Cuando la libertad de poder hacer genera incluso más coacciones que el disciplinario deber es que ha llegado el momento de redefinir la libertad. El neoliberalismo y su brazo armado -el capitalismo financiero- han conseguido llevar a la práctica de forma refinada y eficiente un principio fundamental del psicopoder: no es eficaz a la larga explotar a alguien contra su voluntad, ya que se obtienen mejores resultados si es el propio individuo el que se explota a sí mismo. A través de la autoexplotación ilimitada el sujeto se convierte en un esclavo absoluto. El "fracaso" dentro de la sociedad neoliberal del rendimiento siempre es responsabilidad del fracasado y no es achacable a errores de diseño del sistema. El fracasado se siente culpable y dirige su agresividad sobre sí mismo. Este perverso sistema reduce al mínimo la resistencia individual y grupal, creando depresivos en vez de revolucionarios. Esto ya lo vio perfectamente Walter Benjamin cuando definió al capitalismo como una nueva religión, con su propio Dios -el capital- y un culto que por primera vez no era expiatorio, sino enteramente culpabilizador.
El capital tiene sus propias necesidades, que no son las nuestras, pero que nosotros percibimos como tales, de forma que trabajamos incansablemente para este nuevo Dios. El capital necesita de nuestra libertad individual para reproducirse y a tal efecto nos usa como sus "órganos sexuales". A través de nosotros se multiplica, fagocitando en su crecimiento cualquier sistema competidor, ya bien sea destruyéndolo directamente o parasitándolo. Para ello utiliza la psicopolítica, una inteligente y silenciosa herramienta de dominación que no necesita quebrar resistencias ni forzar obediencias. Su red invisible no hace a los hombres sumisos aplastándolos, sino que los hace dependientes psicológicamente. La psicopolítica genera emociones positivas y las explota. Seduce en lugar de prohibir. Se ajusta a la psicología humana en vez de reprimirla.
El psicopoder es amable, inteligente y sutil. Quiere activar y motivar, no someter burdamente. No se consigue incrementar los rendimientos -imperativo neoliberal- venciendo resistencias corporales, sino optimizando los procesos psíquicos. La psicopolítica se apoderaría de las emociones para influir sobre nuestras acciones en un nivel prerreflexivo. La racionalidad se consideraría un obstáculo o un freno en el proceso productivo, debiendo ser éste emocionalizado. Bajo estos presupuestos psicopolíticos el individuo actuaría de forma que estaría reproduciendo el entramado de dominación sin dejar de sentirse íntimamente libre.
Para aplicar este programa psicopolítico el sistema necesita conocernos íntimamente, saberlo todo de nosotros, cosa que acaba consiguiendo no a través de la estadística, sino de los Big-Data.
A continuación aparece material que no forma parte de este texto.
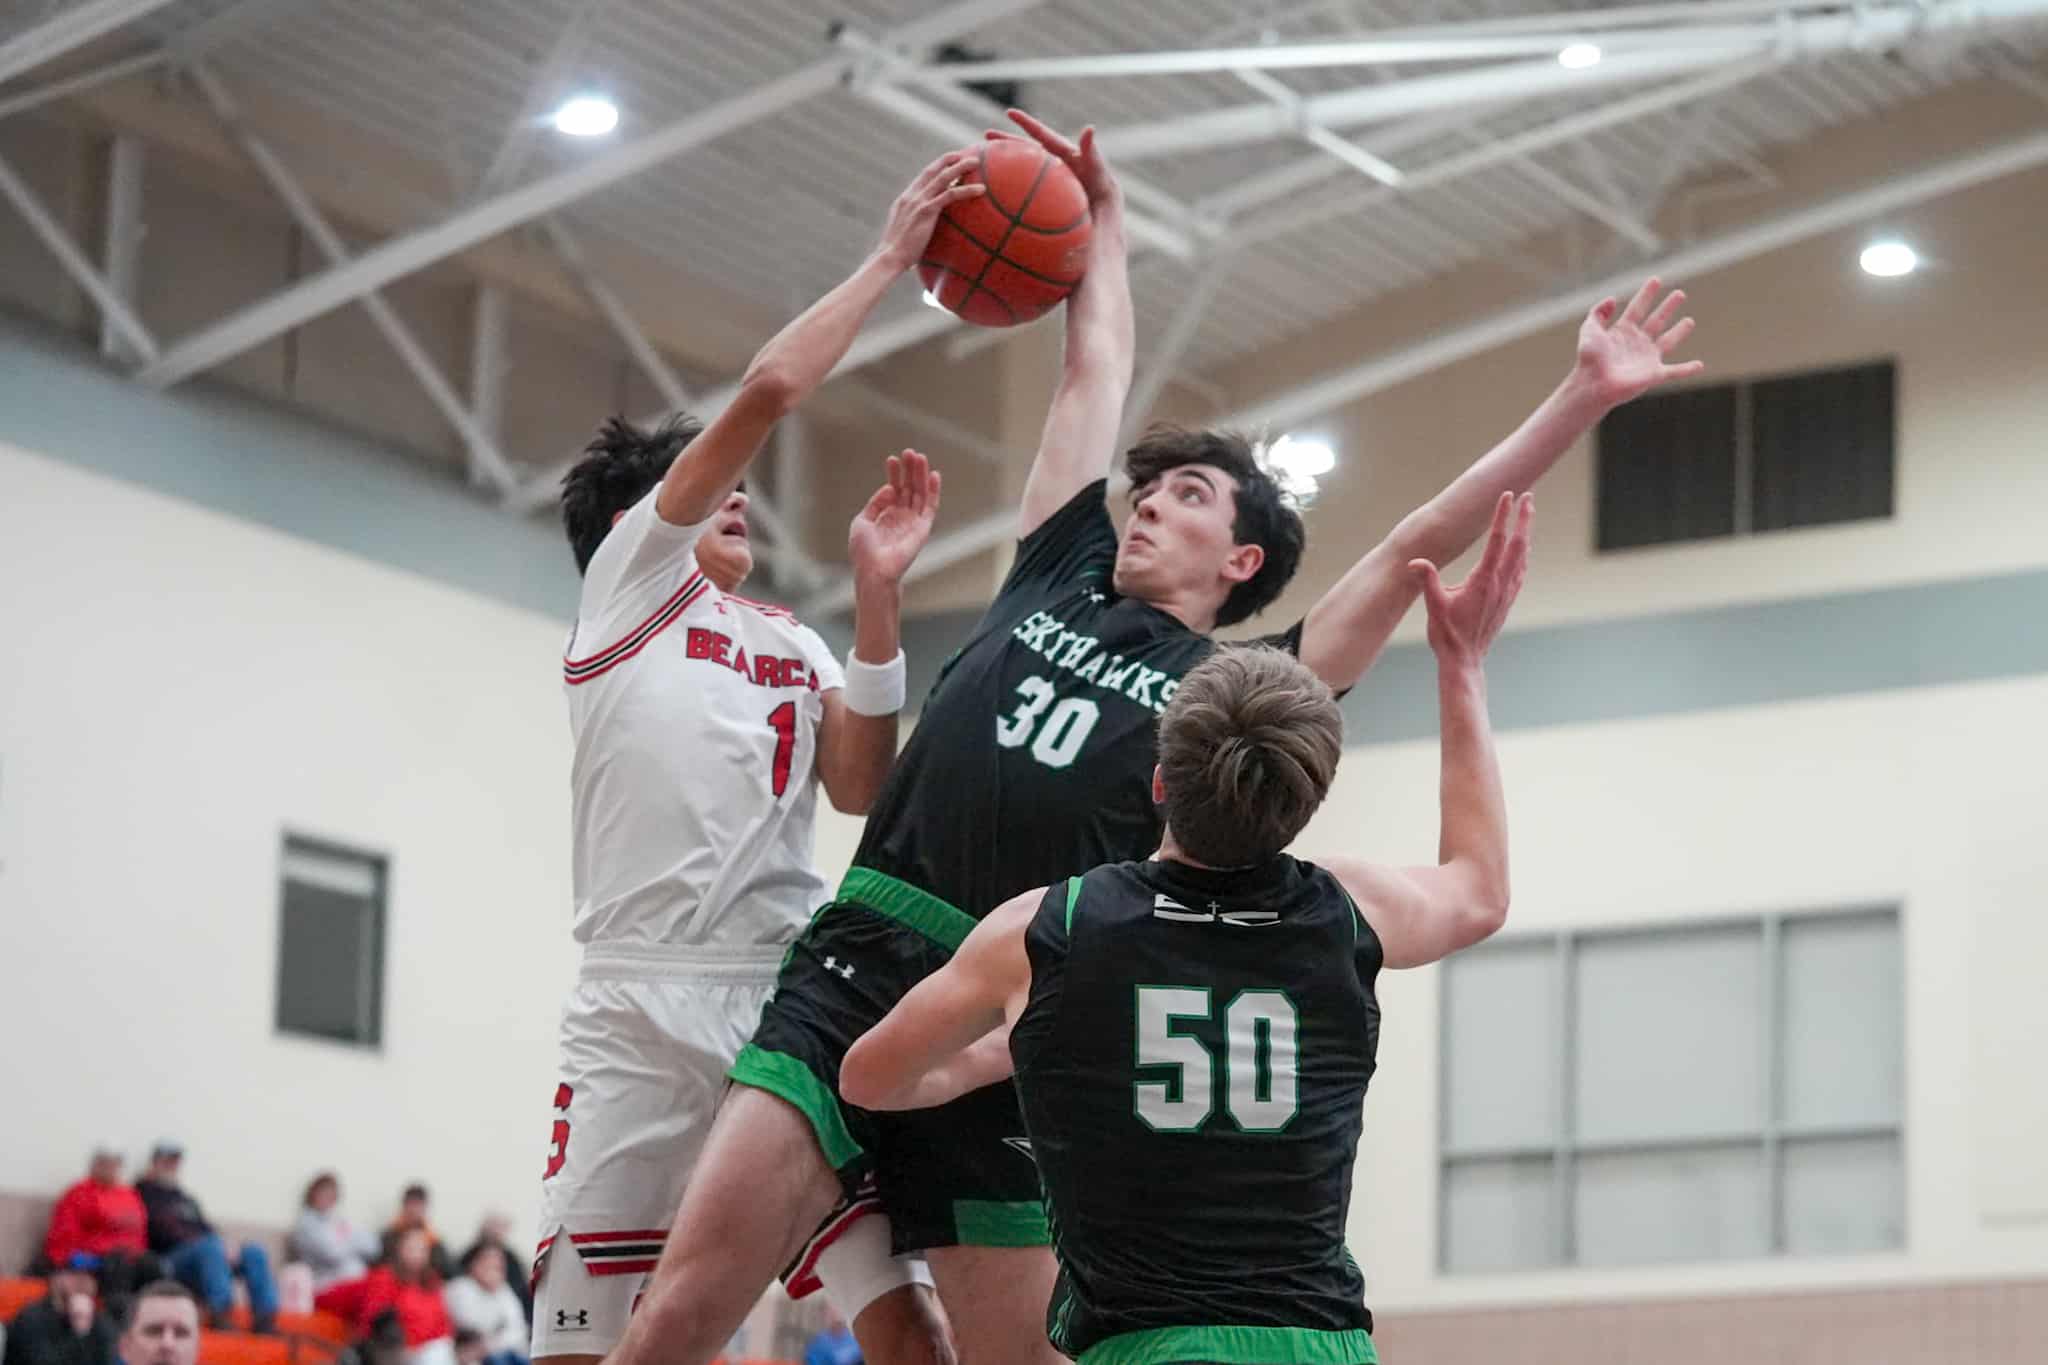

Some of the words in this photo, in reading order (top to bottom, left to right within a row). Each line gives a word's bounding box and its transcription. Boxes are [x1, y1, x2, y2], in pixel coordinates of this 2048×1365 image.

[1013, 611, 1181, 714] SKYHAWKS
[767, 700, 796, 799] 1
[996, 675, 1100, 769] 30
[1133, 983, 1299, 1132] 50
A través de este acopio masivo de datos es posible construir el "psico-programa" individual, colectivo e incluso inconsciente de la población. El consumidor-informador, espoleado por los principios sistémicos de la hipercomunicación y la transparencia total, cederá voluntariamente todos los datos de su intimidad. No se necesitarán salas de tortura ni confesionarios teniendo smartphones y redes sociales para poder desnudarse ante el mundo. La autovigilancia digital está garantizada. Nuestro "hábito digital" deja una "huella" que es una representación bastante exacta de nosotros mismos, incluso más completa y objetiva que nuestra autoimagen. Este rastro digital convertido en datos y sometido al "data mining" sirve al psicopoder para introducir el "microtargeting" o forma de influir personalizada y precisa, tanto en los hábitos de consumo como en el voto y la opinión política. Una vida expresada en datos, según el dataísmo, es mensurable y cuantificable, mostrando de forma bastante clara sus más ocultas correlaciones. Con esta información masiva, predecir y conducir las conductas es factible.
Frente a los grandes procesos de conformación y uniformización que nos llevan al "infierno de lo igual" sólo cabe resistirse cultivando lo singular, lo improbable, la desviación, lo repentino, lo raro, lo anormal, lo extremo, el "acontecimiento", aquello que irrumpe escapando a todo cálculo y previsión y que pone en juego lo que está "afuera", la radical singularidad frente a la cual el Big-Data es totalmente ciego. En definitiva, combatir el psicopoder haciéndose el "idiota". Para Deleuze es una función de la filosofía "hacerse el idiota". Sólo desde el idiotismo se tiene acceso a lo "totalmente otro", a ese "campo inmanente de acontecimientos y singularidades" que escapan a la gran trituradora de la libertad. El idiota tiene una conciencia herética que le desvía de la ortodoxia, de la coacción de la conformidad y la violencia del consenso y le permite abrir espacios virginales, libres y verticales en los que hablar totalmente distinto.